◆ **DATA PROVIDED**:
○ ○ ○ ○
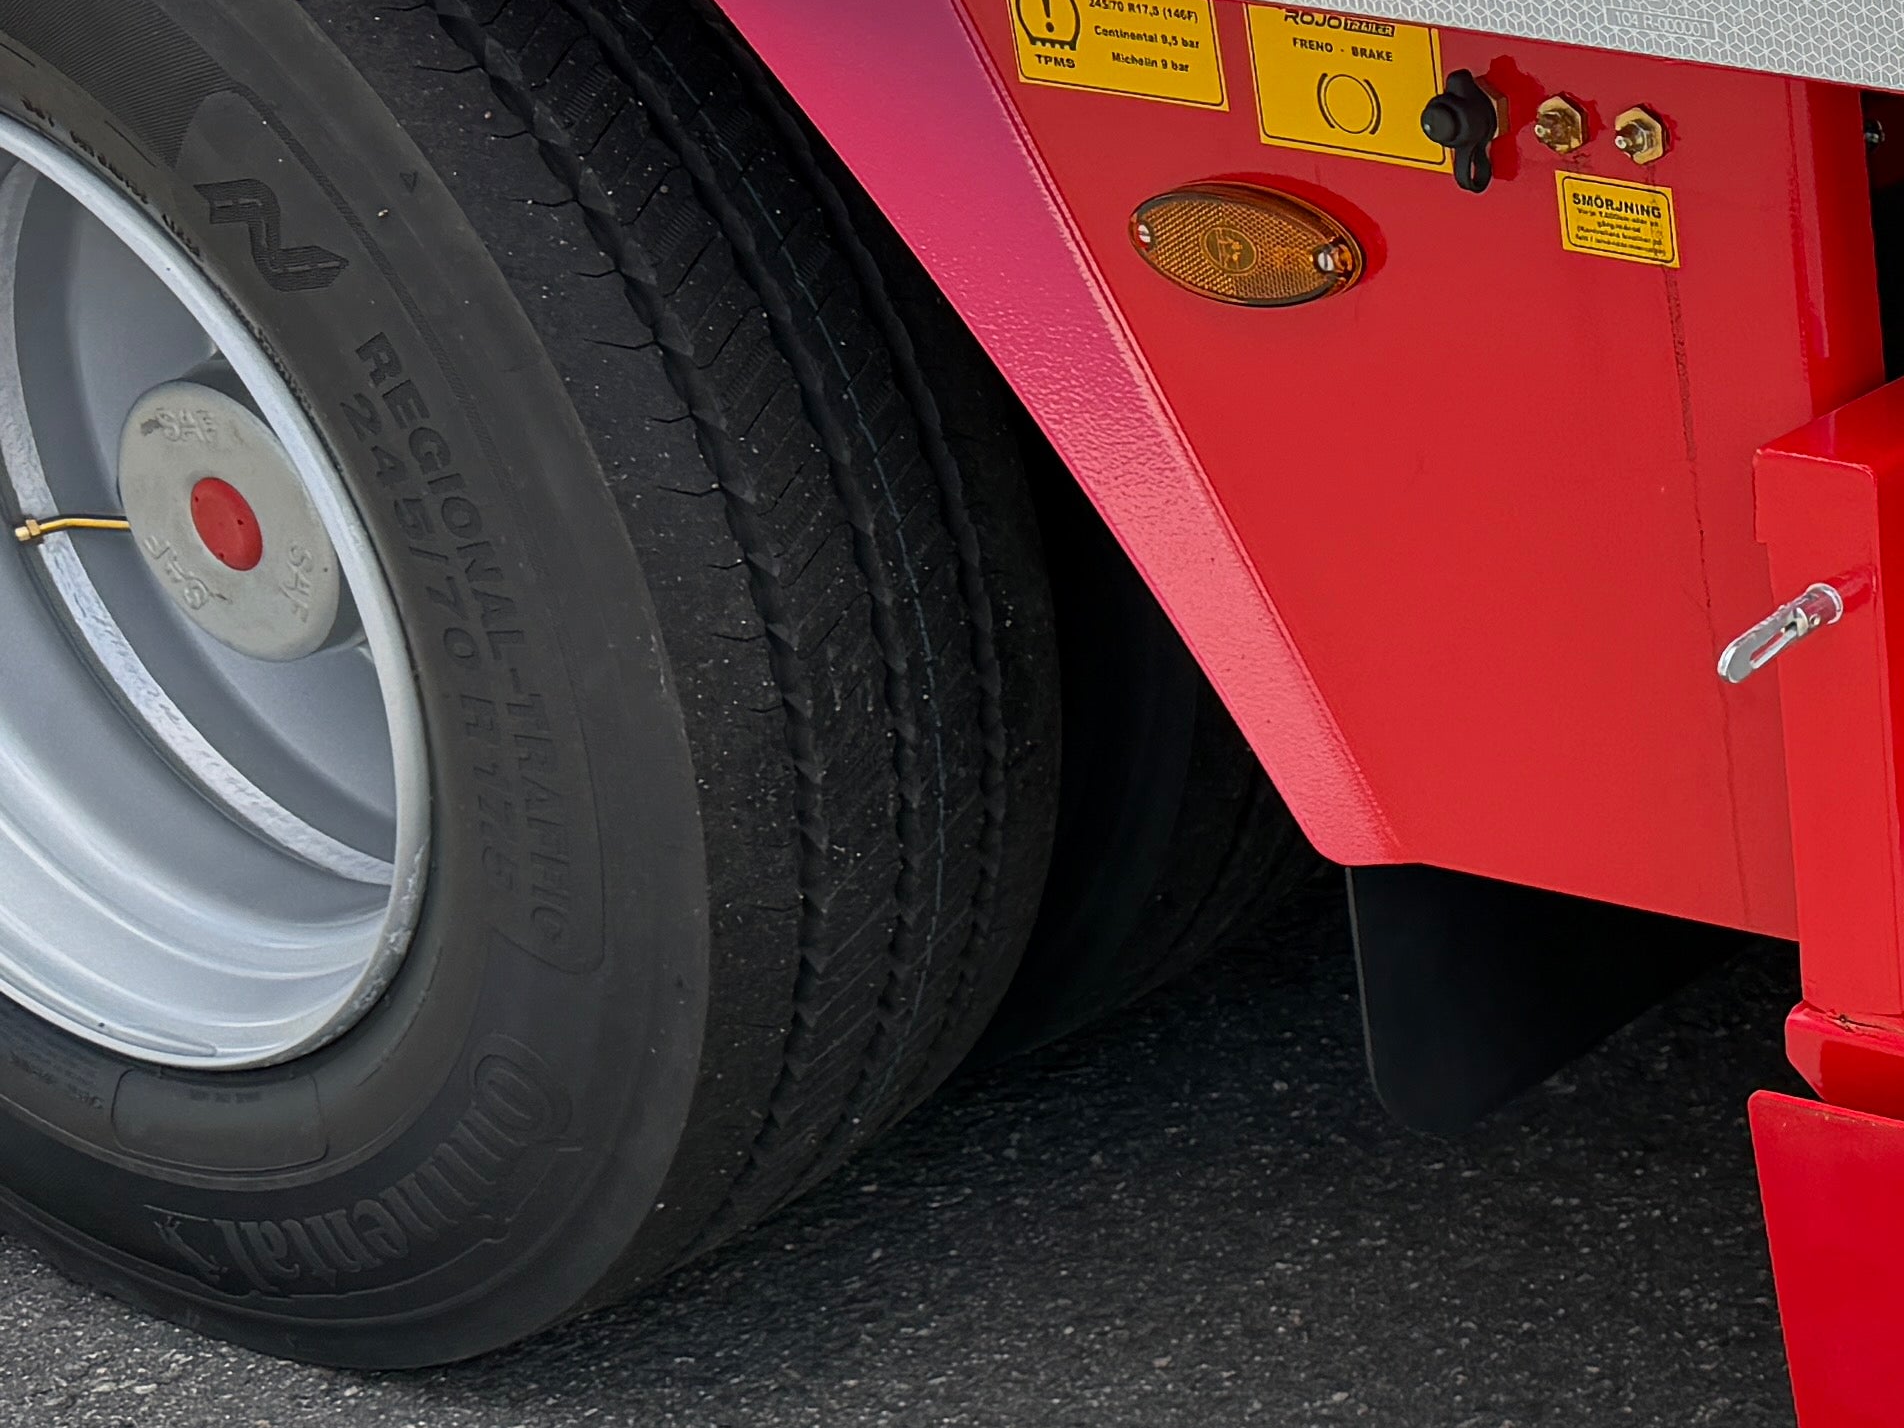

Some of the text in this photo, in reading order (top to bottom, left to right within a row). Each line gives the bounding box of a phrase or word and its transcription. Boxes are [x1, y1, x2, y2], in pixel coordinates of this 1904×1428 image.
○ ○ ○ ○
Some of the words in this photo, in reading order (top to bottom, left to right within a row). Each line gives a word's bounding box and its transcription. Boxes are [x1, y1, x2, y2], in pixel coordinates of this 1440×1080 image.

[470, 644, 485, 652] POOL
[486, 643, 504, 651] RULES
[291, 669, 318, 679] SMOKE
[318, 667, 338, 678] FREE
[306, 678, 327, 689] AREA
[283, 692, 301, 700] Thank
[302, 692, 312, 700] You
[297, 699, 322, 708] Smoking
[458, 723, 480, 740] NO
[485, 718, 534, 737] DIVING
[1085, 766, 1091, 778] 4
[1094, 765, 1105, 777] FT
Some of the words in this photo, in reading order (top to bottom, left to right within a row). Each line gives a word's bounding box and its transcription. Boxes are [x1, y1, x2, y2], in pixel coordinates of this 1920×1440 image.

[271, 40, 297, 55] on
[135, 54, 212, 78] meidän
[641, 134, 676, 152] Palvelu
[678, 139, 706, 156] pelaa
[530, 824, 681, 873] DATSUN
○ ○ ○ ○
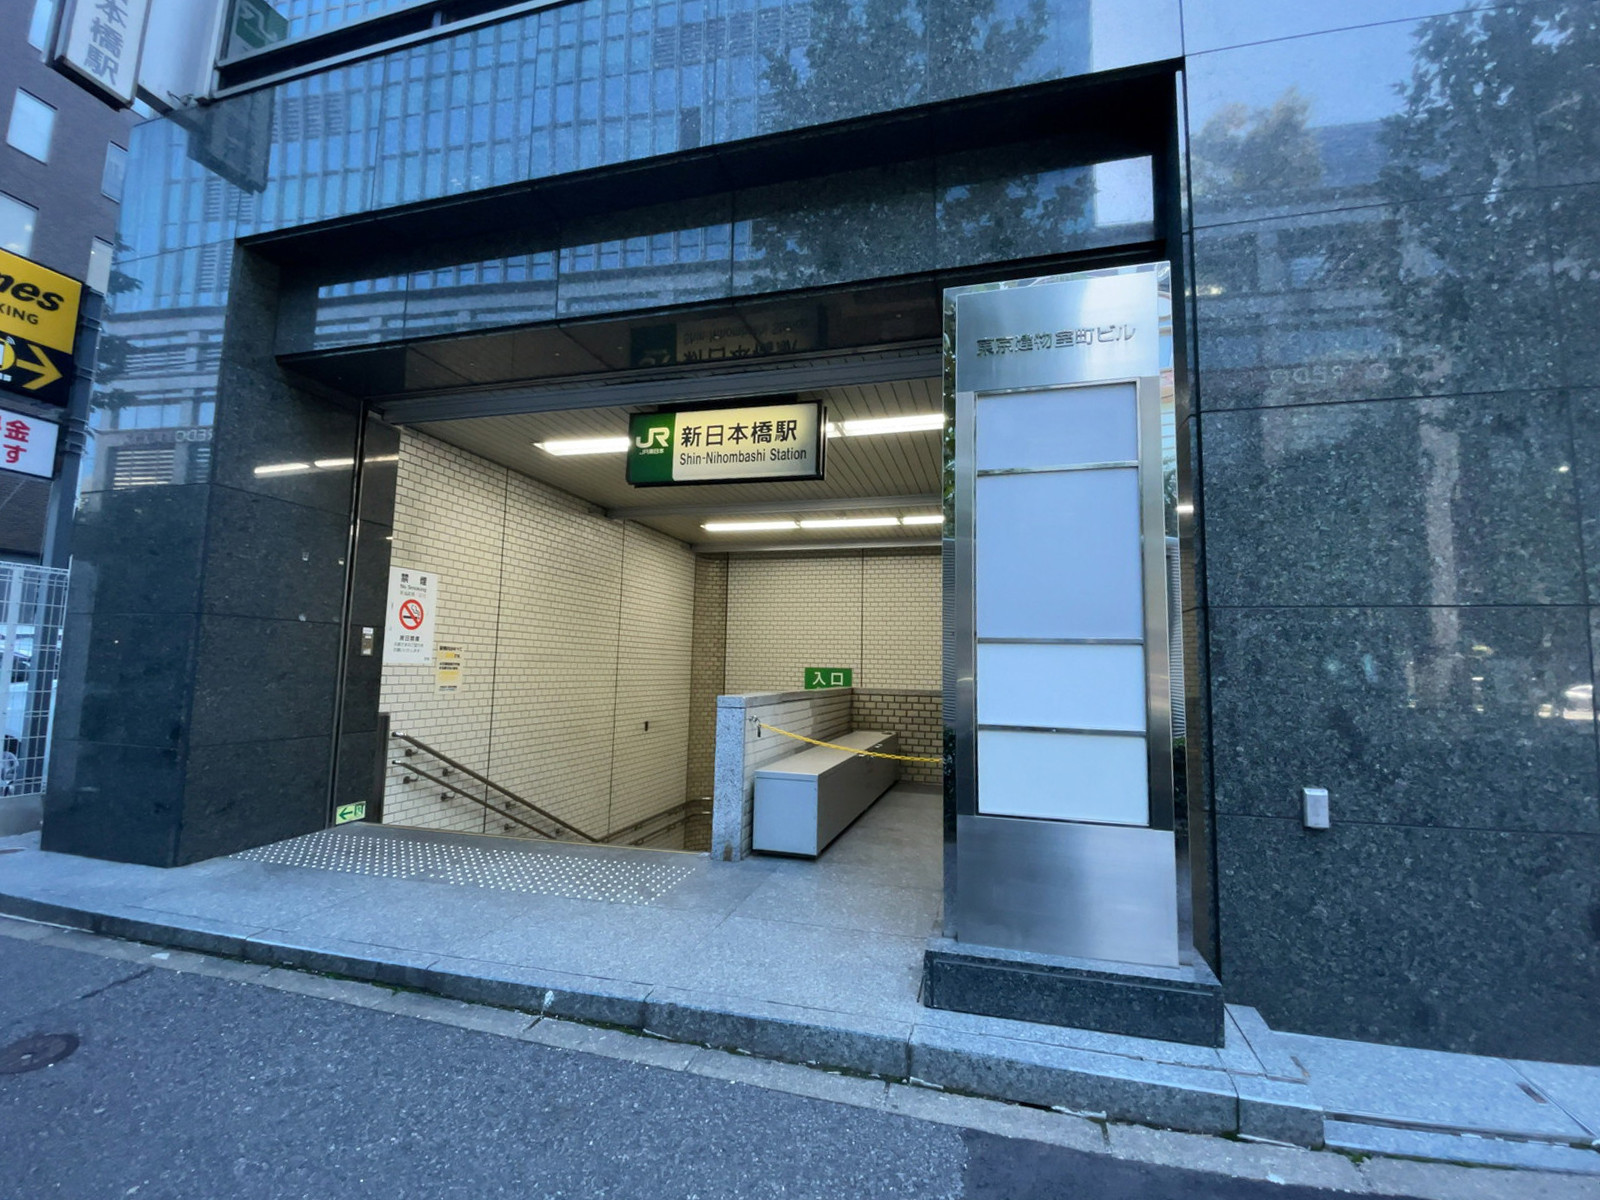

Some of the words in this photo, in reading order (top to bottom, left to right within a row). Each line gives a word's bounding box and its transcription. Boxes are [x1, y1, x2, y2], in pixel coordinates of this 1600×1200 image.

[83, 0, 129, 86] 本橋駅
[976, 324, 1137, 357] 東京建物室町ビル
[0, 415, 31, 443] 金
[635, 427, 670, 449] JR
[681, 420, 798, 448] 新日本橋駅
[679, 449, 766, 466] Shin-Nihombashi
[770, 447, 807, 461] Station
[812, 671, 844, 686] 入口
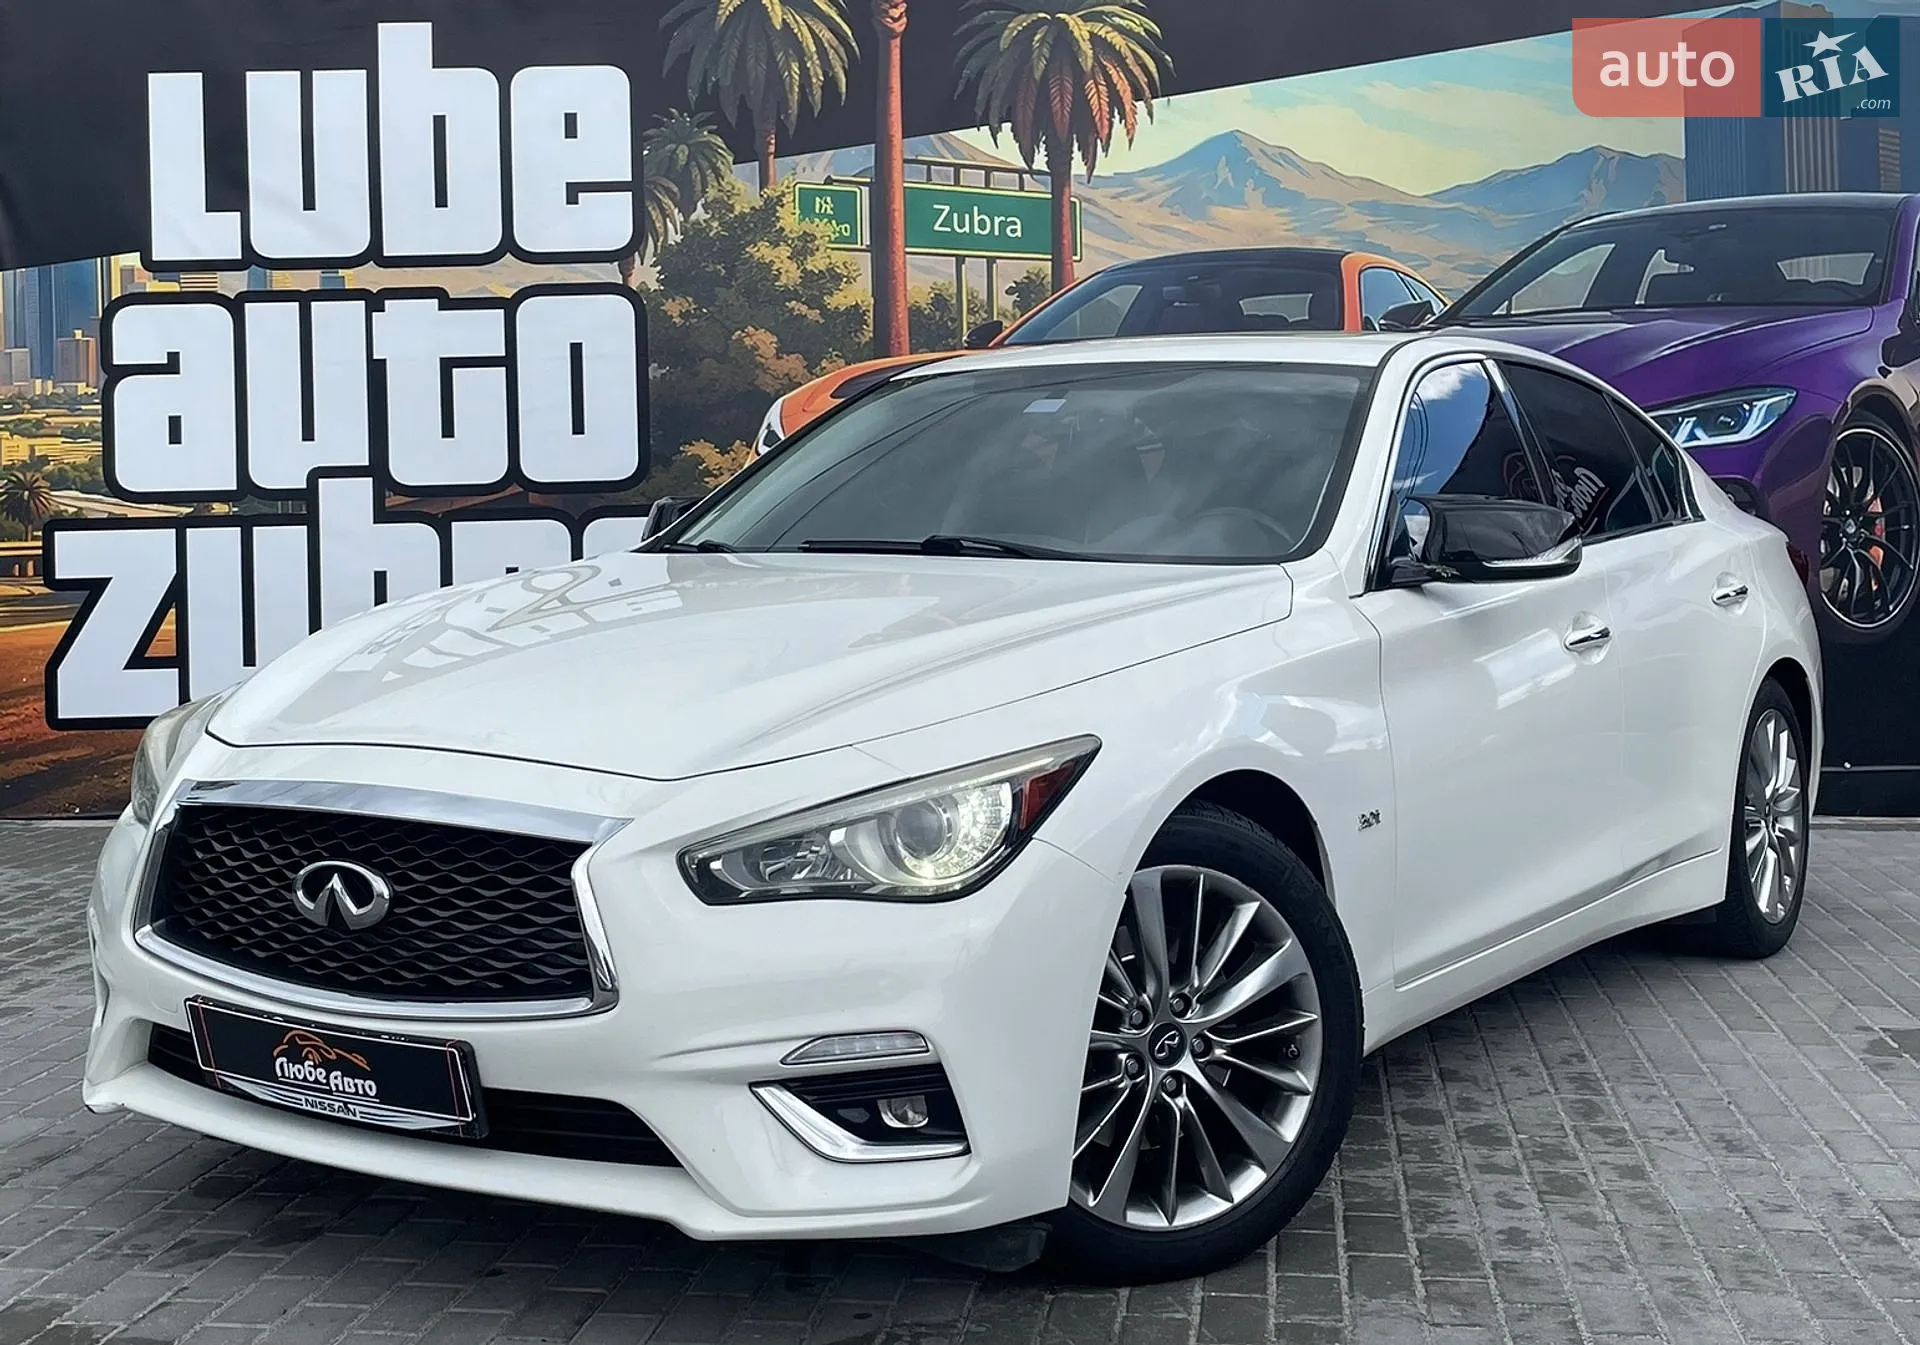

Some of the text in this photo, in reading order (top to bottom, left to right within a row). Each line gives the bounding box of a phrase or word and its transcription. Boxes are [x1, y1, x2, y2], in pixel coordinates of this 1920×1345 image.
○ ○ ○ ○
◆ **WORK ITEM**: If a line of the records contains the word "phrase", count it; give only the total.

◆ **TASK ANSWER**: 2